Stabilire se è un sottospazio
:
lo è solo se è chiuso rispetto alle operazioni
Somma tra due vettori
Moltiplicazione vettore per uno scalare
Il vettore nullo appartiene allo spazio? Se si allora può essere sottospazio
Trovare la base di un sottospazio:
Scelgo n incognite libere con n = dimensione sottospazio
Imposto il sistema per l'incognita scelta e scrivo in forma normale
Ora posso prendere i coefficienti delle incognite libere e trasformarli in vettori
Trovare la dimensione di un sottospazio:
è pari alla dimensione del campo in cui opera - il numero di equazioni che compongono il sottospazio.
Per le matrici la dimensione è il prodotto fra il numero di righe e il numero di colonne
Per i polinomi il grado massimo è la dimensione.
Stabilire che i vettori costituiscono una base di un campo:
Dimostriamo che i vettori siano linearmente indipendenti: componiamo una matrice con le colonne che corrispondono ai vettori. Se il rango della matrice risulta massimo allora i vettori sono linearmente indipendenti
Dimostriamo che ogni vettore si può esprimere come combinazione lineare degli altri (vedere la sezione della appartenenza di un vettore al sottospazio generato)

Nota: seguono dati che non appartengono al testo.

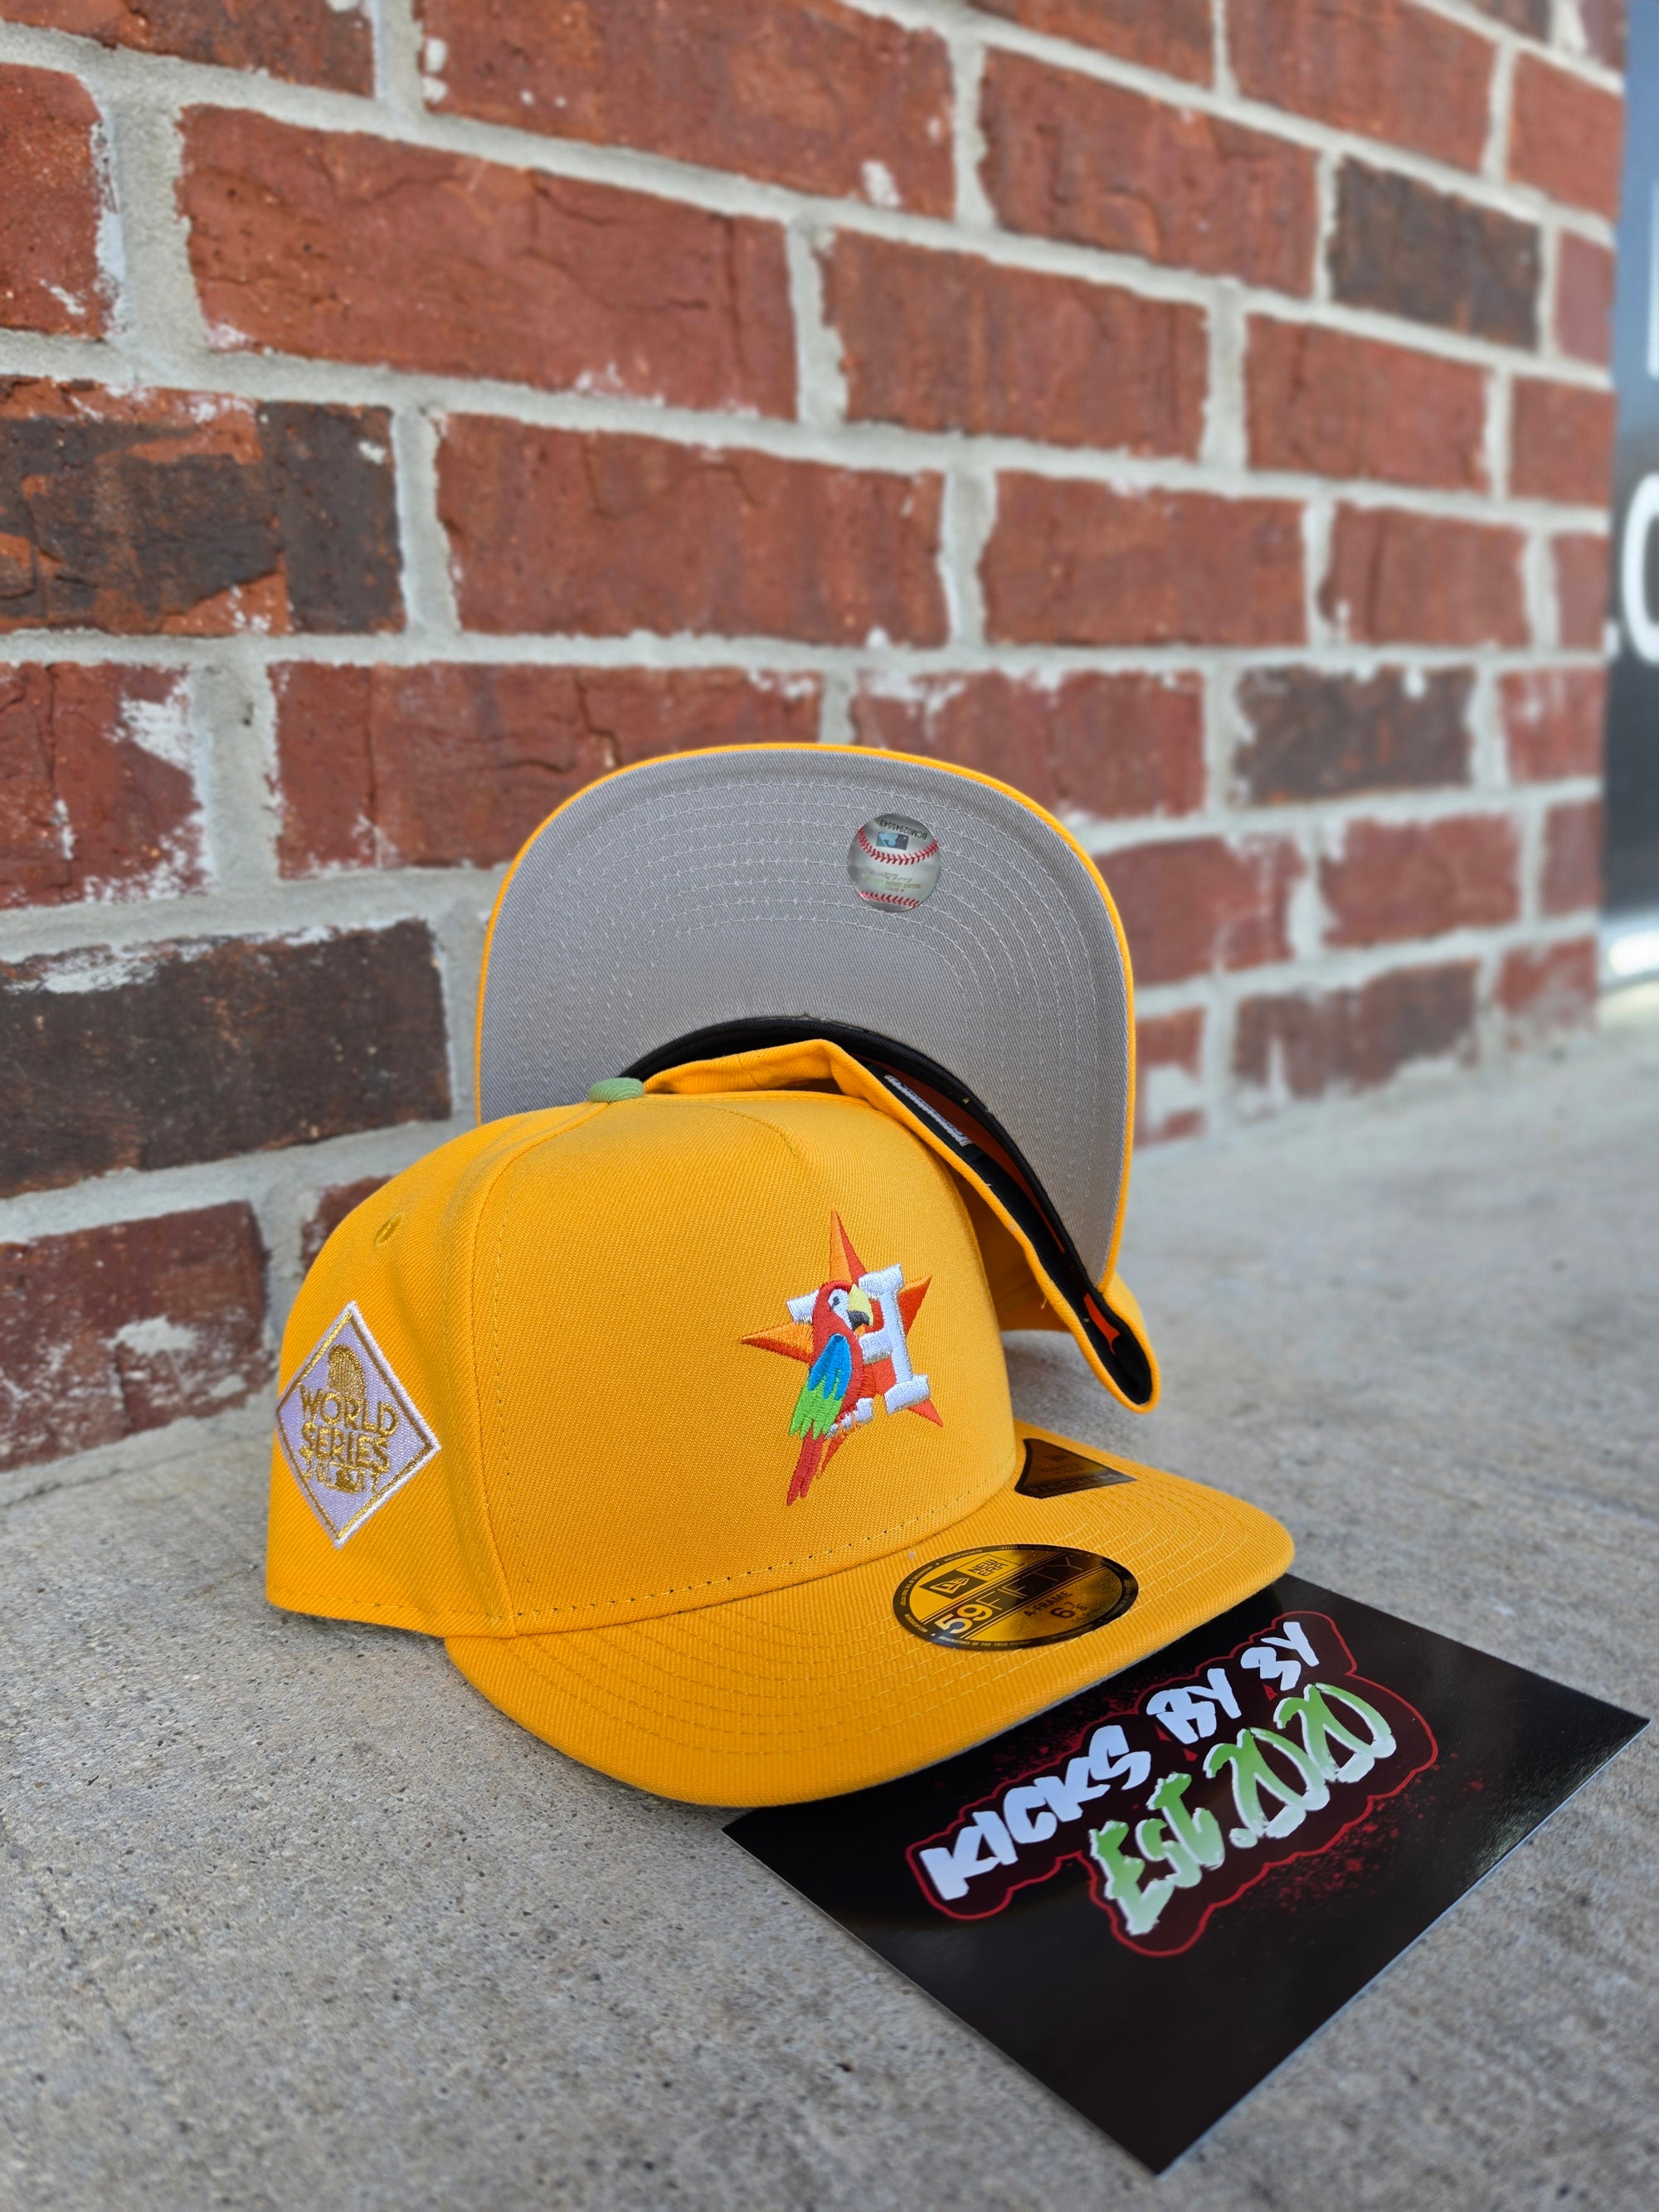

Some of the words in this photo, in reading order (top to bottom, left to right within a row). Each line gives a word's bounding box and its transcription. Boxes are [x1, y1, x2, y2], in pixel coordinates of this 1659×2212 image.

[299, 1383, 399, 1436] WORLD
[299, 1420, 391, 1473] SERIES
[966, 1558, 998, 1574] NEW
[978, 1563, 1010, 1577] ERA
[936, 1554, 1083, 1635] 59FIFTY
[1023, 1591, 1073, 1617] A-FRAME
[919, 1725, 1151, 1901] KICKS
[1146, 1668, 1242, 1745] BY

x vettori generano un campo
:
imposto un sistema in modo che possano essere combinazioni lineari, in questo modo inserisco in una matrice e studio le soluzioni. Se ammette soluzioni allora genera quel campo.
Applicazioni Lineari
Definire se è un'applicazione lineare
:
Come per i sottospazi studio
Somma tra 2 vettori
Moltiplicazione del vettore per uno scalare
Nucleo
Calcolo della base del nucleo
:
Funzione = 0, calcolo i coefficienti delle varie incognite utilizzando in un sistema le incognite libere e poi trasportando i coefficienti in un vettore.
Dimensione del nucleo
= dimensione dello spazio di partenza - dimensione immagine
Immagine
Calcolo base dell'immagine
Dimensione dell'immagine
= rango della matrice associata all'applicazione
Quando un applicazione è biettiva è contemporaneamente
Iniettiva
: quando la dimensione del nucleo è pari a 0
Suriettiva
: quando la dimensione dell'immagine = dimensione dello spazio vettoriale
Matrice associata rispetto a delle basi
Calcoliamo le immagini dell'applicazione lineare secondo i vettori dati
Determiniamo il vettore delle coordinate rispetto la base di arrivo (ovvero rappresentare in combinazione lineare le immagini trovate con le componenti delle basi d'arrivo)
Scrivo i vettori risultanti in colonna e formerò la matrice associata
Determinante e autovalori
Calcolo autovettori
sottraggo alla matrice la matrice diagonale (che come valori avrà l'autovalore sulla diagonale principale), uguagliando il sistema a 0
A questo punto risolvo il sistema utilizzando le incognite libere
Trasferisco i coefficienti del risultato in un vettore, e questi saranno i miei autovettori
Calcolo autovalori
La matrice deve essere quadrata
sottraggo alla matrice associata la matrice diagonale che come coefficiente ha lambda.
Calcolo il determinante e lo eguaglio a 0, trovando i valori di lambda. Questi indicheranno i miei autovalori.
Quando una matrice è diagonalizzabile
Quando esiste una matrice A tale che PD=AP dove P è la nostra matrice e D è la matrice diagonale semplice.